**WHAT YOU WILL DO**
With the pictures removed, the data below must be transcribed in full and exactly.

**DATASET EXTRACT**
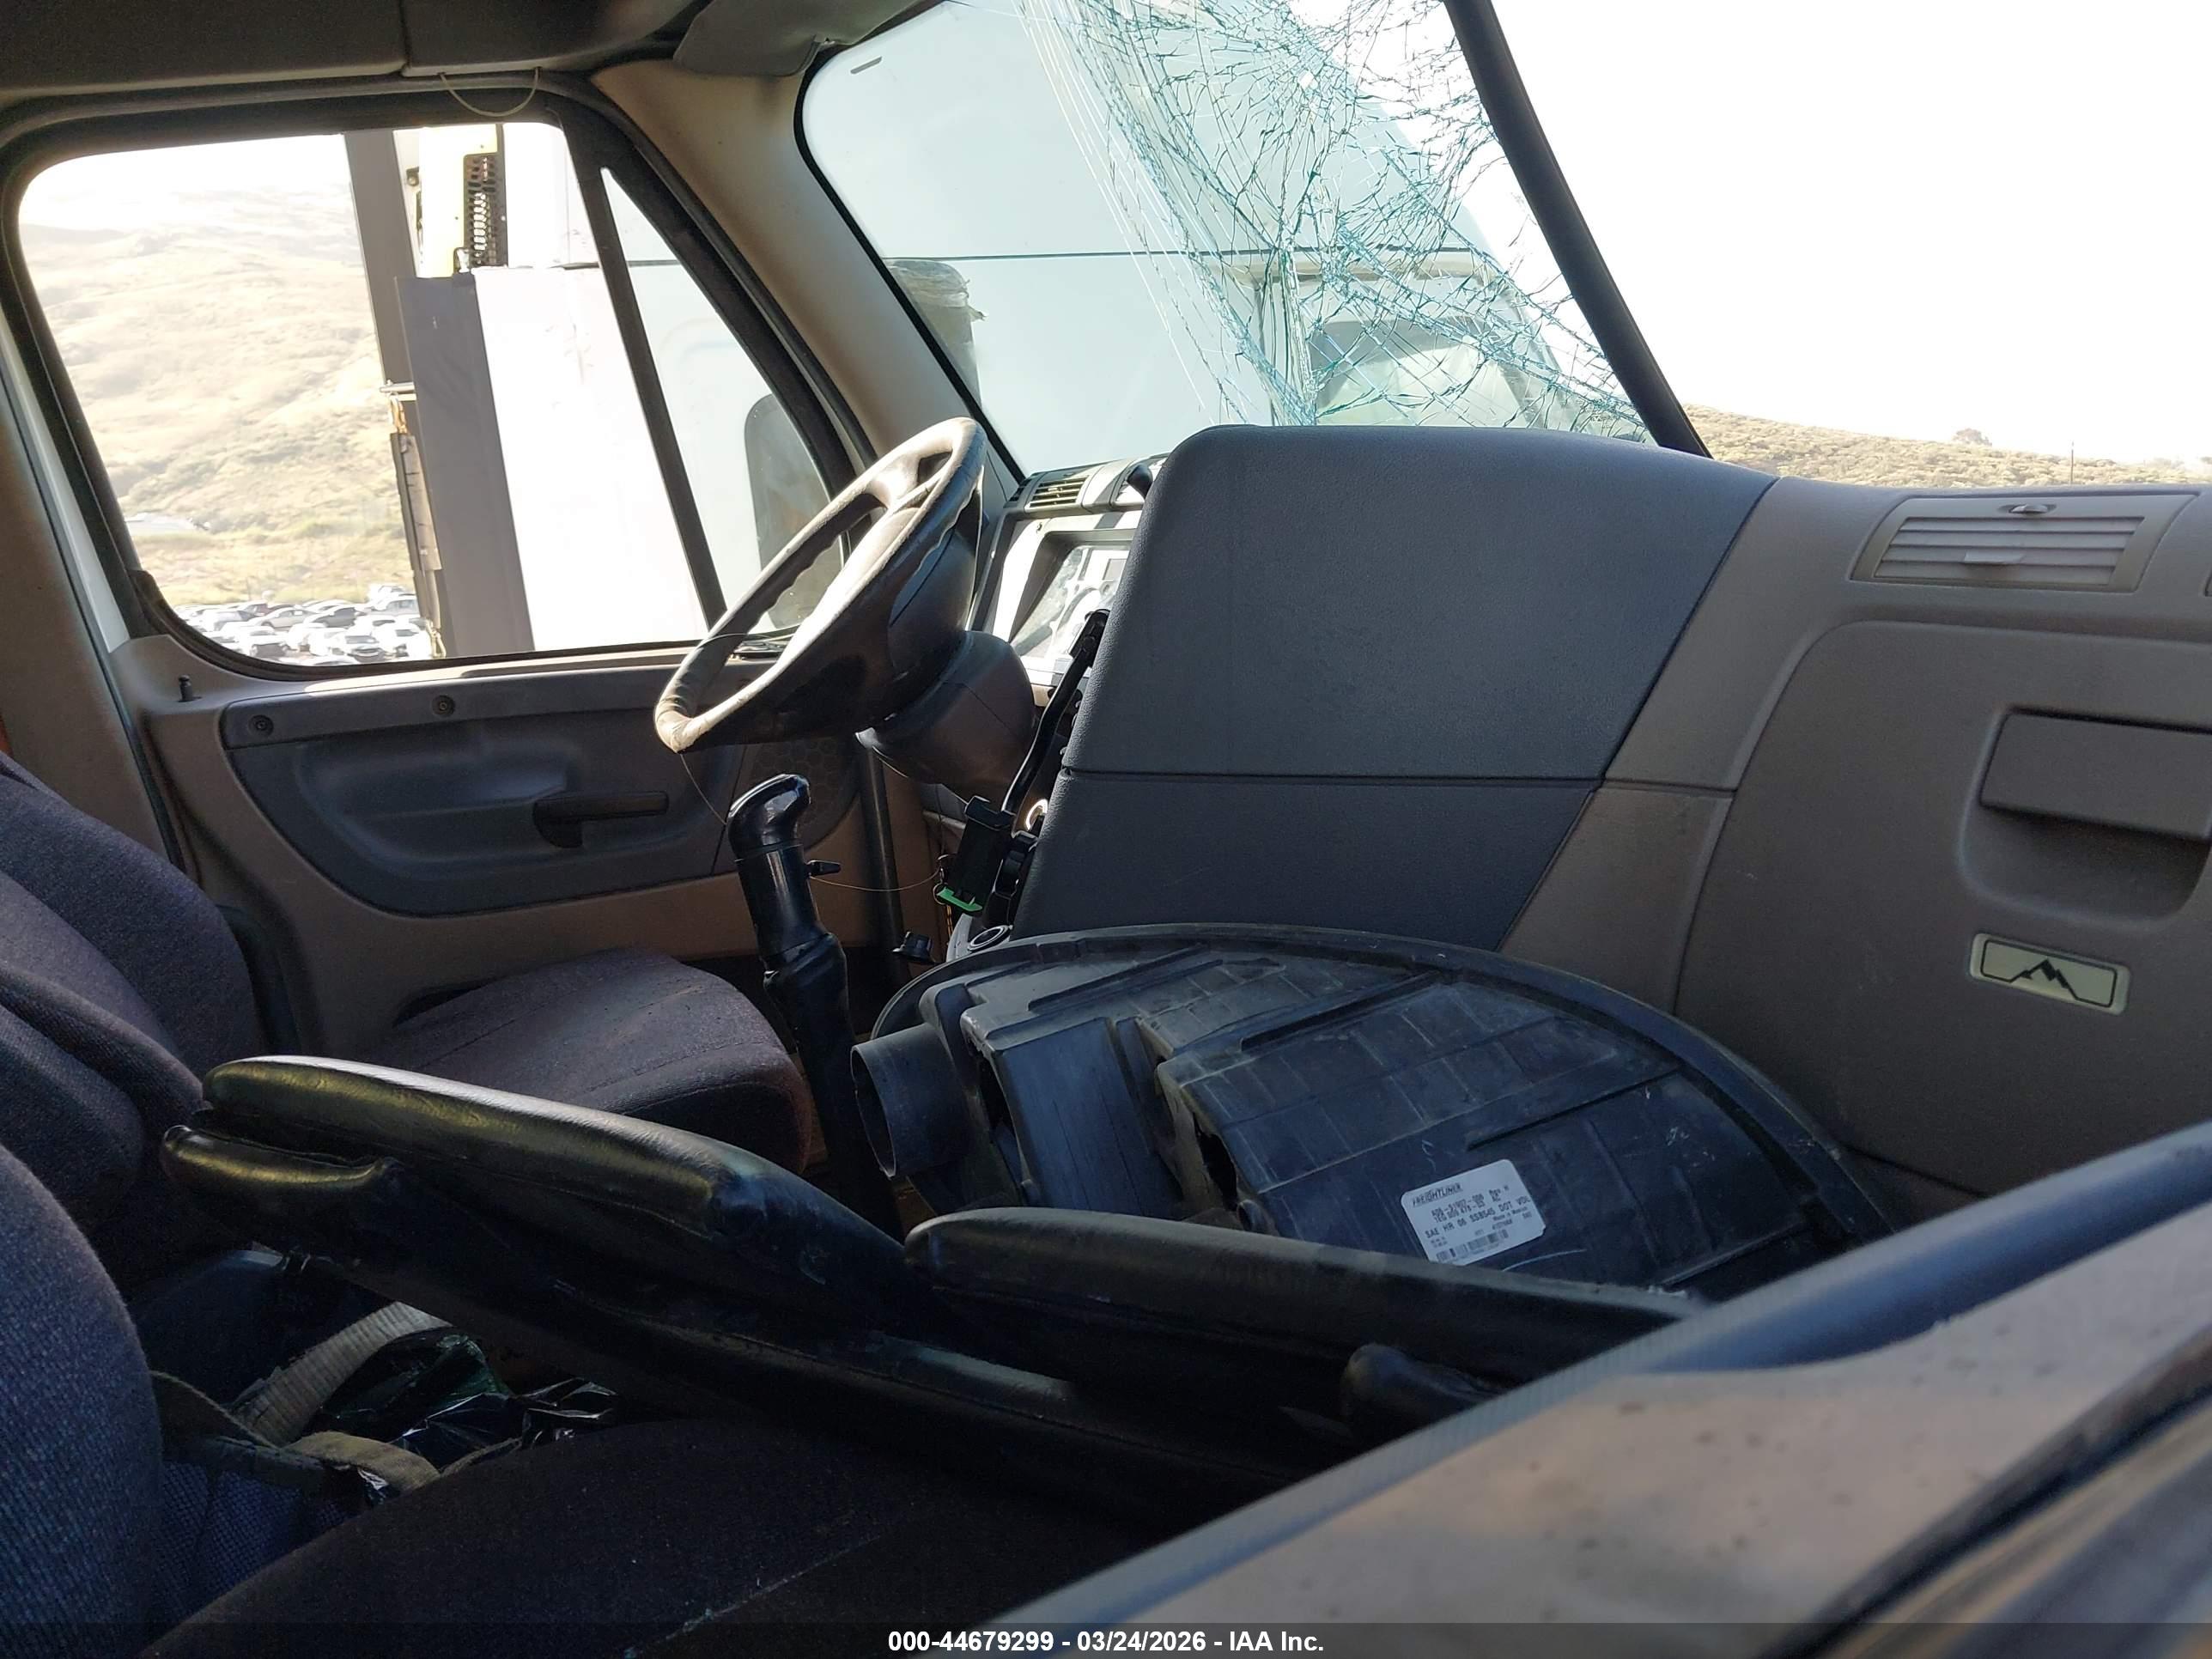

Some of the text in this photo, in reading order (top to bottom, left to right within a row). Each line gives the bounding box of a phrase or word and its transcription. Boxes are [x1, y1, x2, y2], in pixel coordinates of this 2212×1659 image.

[1412, 1182, 1462, 1206] FREIGHTLINER
[1425, 1228, 1439, 1238] SAE
[1443, 1222, 1455, 1231] HR
[1498, 1201, 1512, 1212] DOT
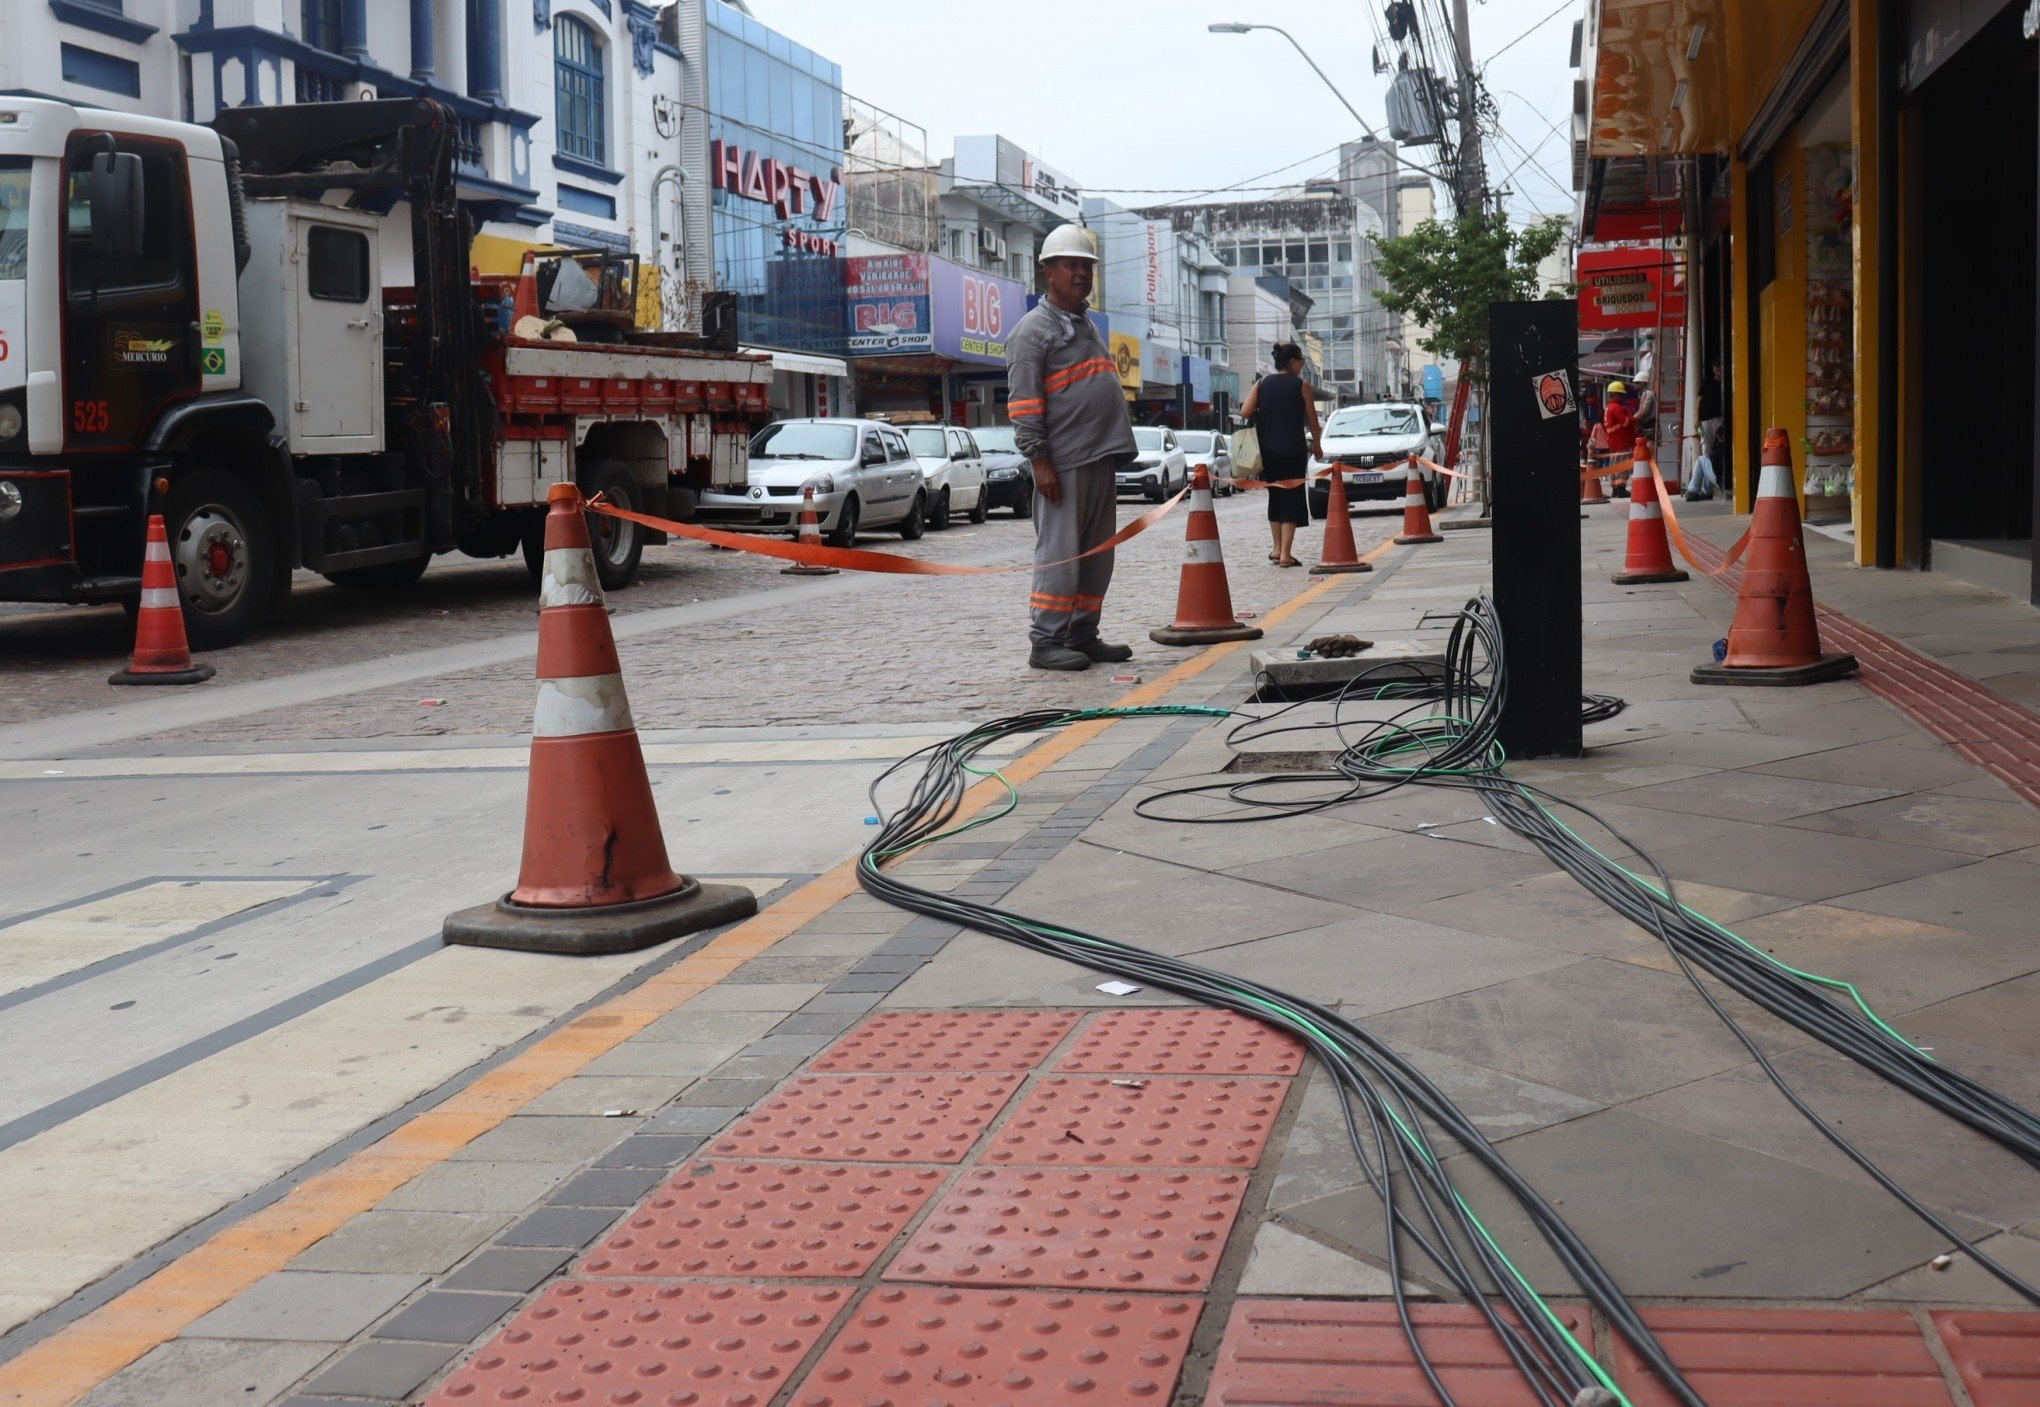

**EXERCISE OUTPUT**
Some of the text in this photo, in reading order (top to bottom, left to right within a row). Each line gives the bounding box of a phrase or word and its transcription. Boxes are [x1, y1, x2, y2], in pixel coordinates of this 2212×1659 image.

[1412, 1182, 1462, 1206] FREIGHTLINER
[1425, 1228, 1439, 1238] SAE
[1443, 1222, 1455, 1231] HR
[1498, 1201, 1512, 1212] DOT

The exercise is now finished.